Experts say a recent uptick in active shooter incidents can be attributed to sensationalized media coverage. (David Becker/Getty Images)

There has been an uptick in 'active shooter' incidents. Experts know exactly what to blame.

The number of "active shooter" situations recorded by the government remained steady in recent years until 2017 when it spiked. Experts told BuzzFeed News they hope it was just an anomaly.

But if it wasn't, the experts know exactly who to blame for the uptick in "active shooter" incidents: sensationalized media coverage.

What are the details?

Between 2014 and 2016, the FBI recorded 20 active shooter incidents per year with 175 people murdered, a new FBI report shows. But that number spiked to 30 documented incidents in 2017 with nearly 140 people murdered.

The reason for the spike?

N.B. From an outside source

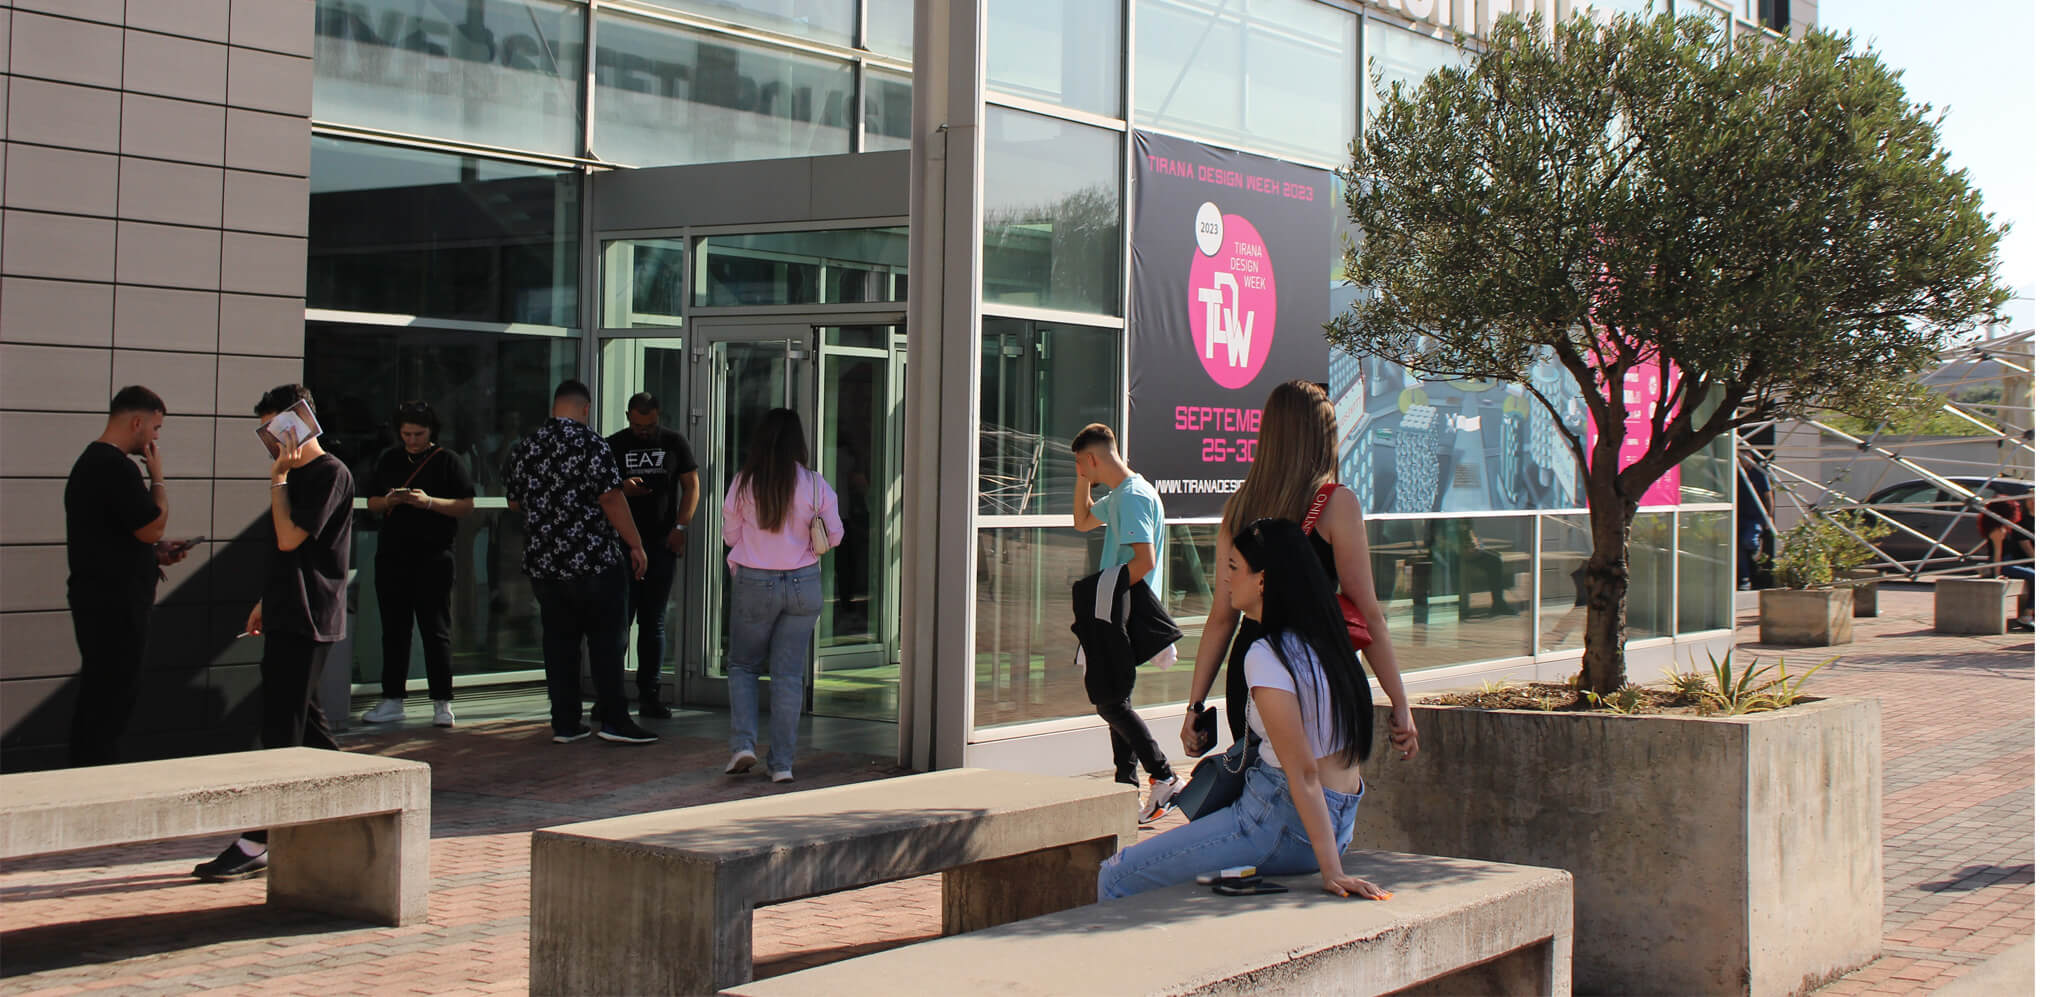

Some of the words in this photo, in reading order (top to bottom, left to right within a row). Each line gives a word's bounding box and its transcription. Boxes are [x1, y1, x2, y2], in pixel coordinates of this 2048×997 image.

Experts told BuzzFeed that excessive coverage of incidents in the mainstream media are encouraging copycat killers to act. They also said "inadequate" and "poorly enforced" laws are behind the spike.

"These shooters get great satisfaction in doing this, and the media attention they get afterwards puts them in a place of history," Greg Shaffer, a 20-year FBI veteran and terrorism expert, told BuzzFeed.

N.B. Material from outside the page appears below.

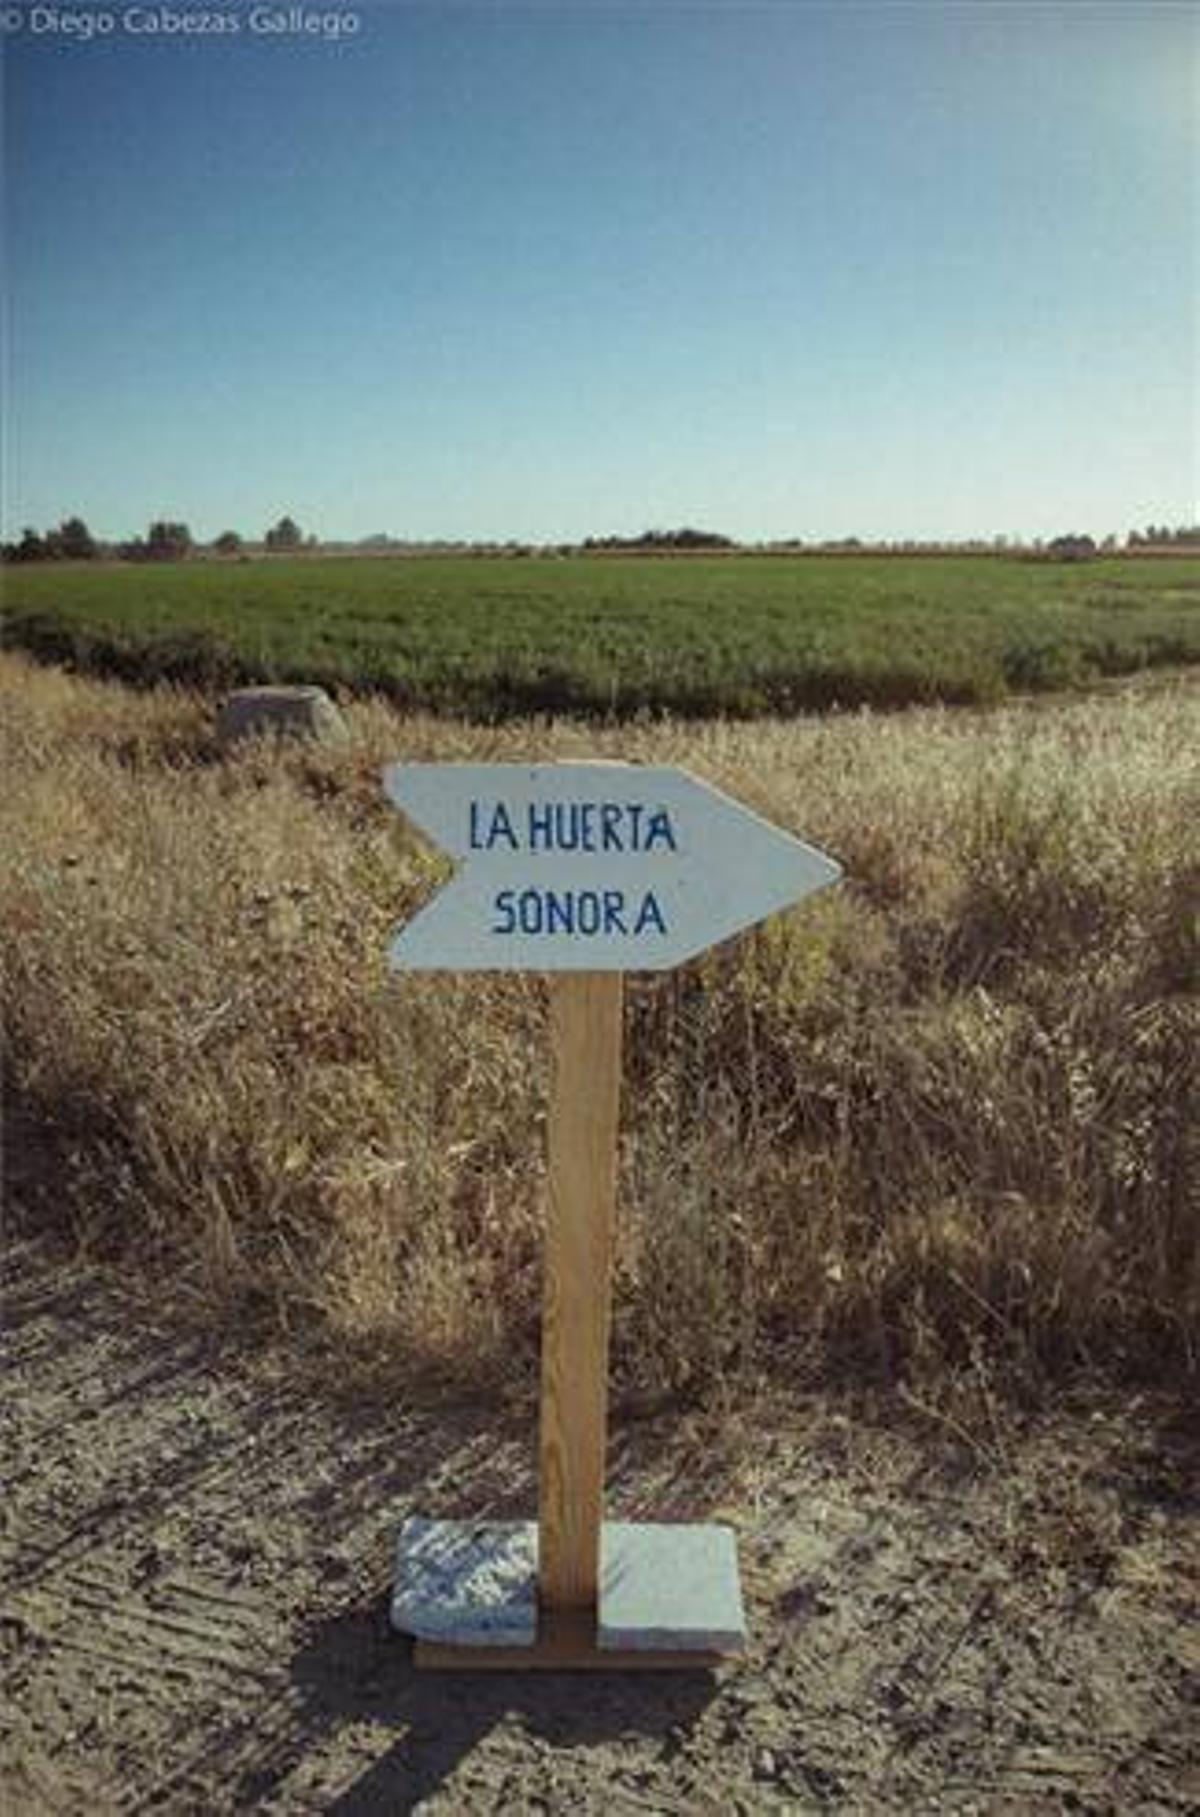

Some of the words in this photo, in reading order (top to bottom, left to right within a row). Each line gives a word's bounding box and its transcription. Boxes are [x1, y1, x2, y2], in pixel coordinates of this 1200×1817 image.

[469, 801, 519, 849] LA
[529, 803, 677, 851] HUERTA
[493, 888, 667, 935] SONORA

"We are also trying to use normal rational thoughts to define an irrational act, which is why we focus on them so much. But we will never understand why people like the Las Vegas gunman do what they do," he added.

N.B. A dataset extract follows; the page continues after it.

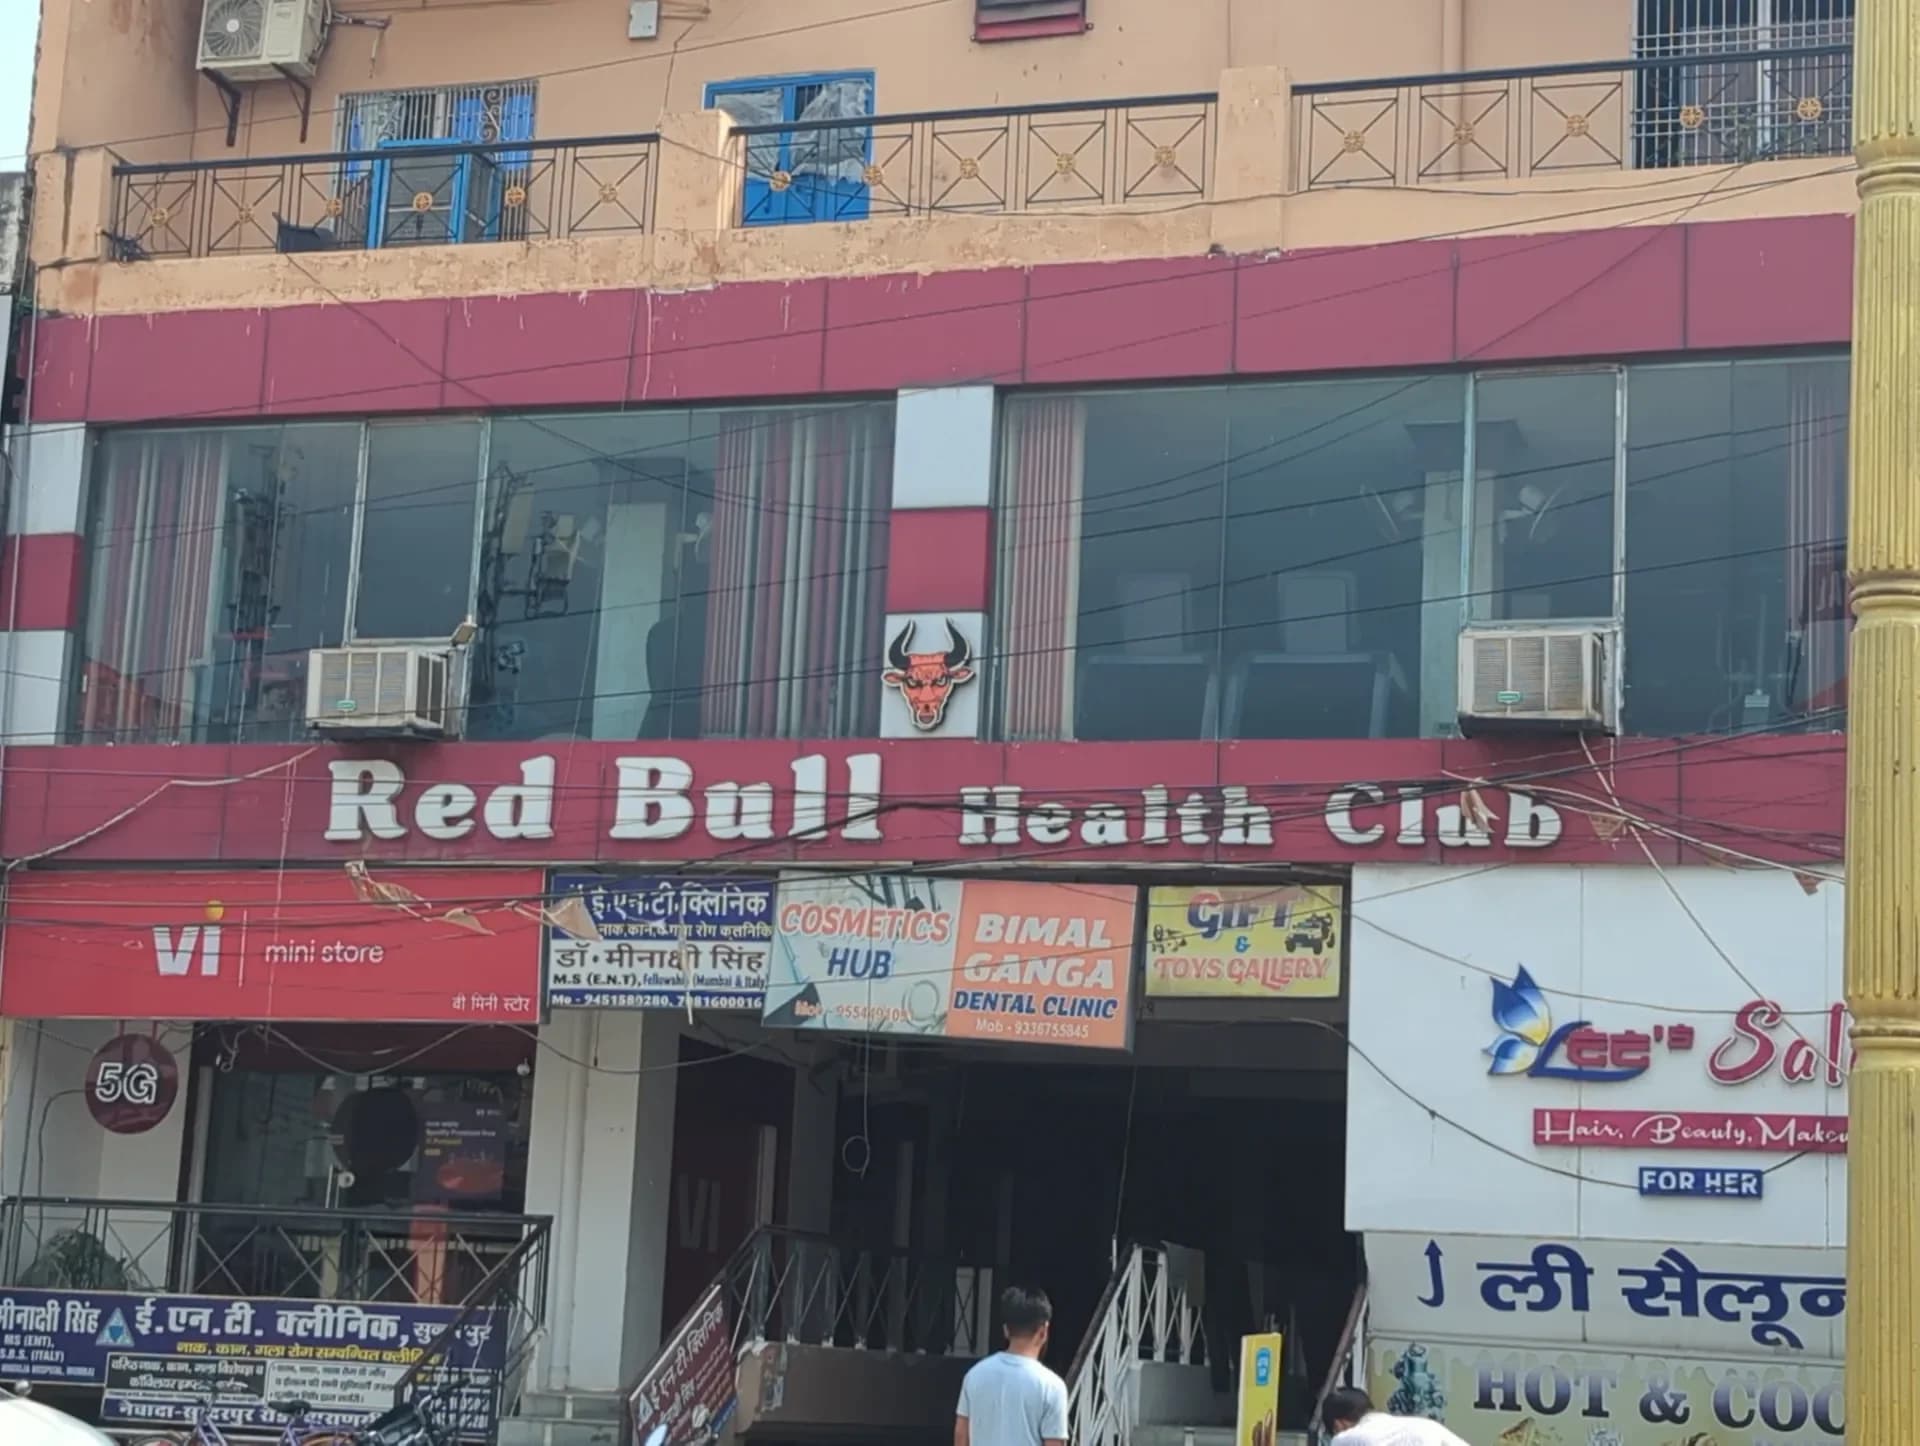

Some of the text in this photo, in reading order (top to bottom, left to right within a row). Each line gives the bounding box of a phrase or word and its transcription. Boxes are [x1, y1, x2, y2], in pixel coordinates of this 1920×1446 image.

Jaclyn Schildkraut, an assistant professor at the State University of New York who is an expert on mass incidents, told BuzzFeed that copycat killers will only become more frequent in the future due to recent sensationalized media coverage of the Parkland and Las Vegas mass killings.

"With the amount of coverage Parkland received, you probably will see an uptick. Copycatters are becoming a public safety issue," she explained.

What can turn the tide?

So far in 2018, fewer mass incidents have been recorded than during the same period in 2017, highlighting experts' view that 2017 may have just been an anomaly. But Schildkraut warned American culture at-large has become OK with applying "band-aids" where needed — and that is not OK.

"We are putting a lot of Band-Aids on issues that need tourniquets to make people feel better, but at the end of the day, this will continue to be our reality until we fix and enforce the laws we already have," she explained.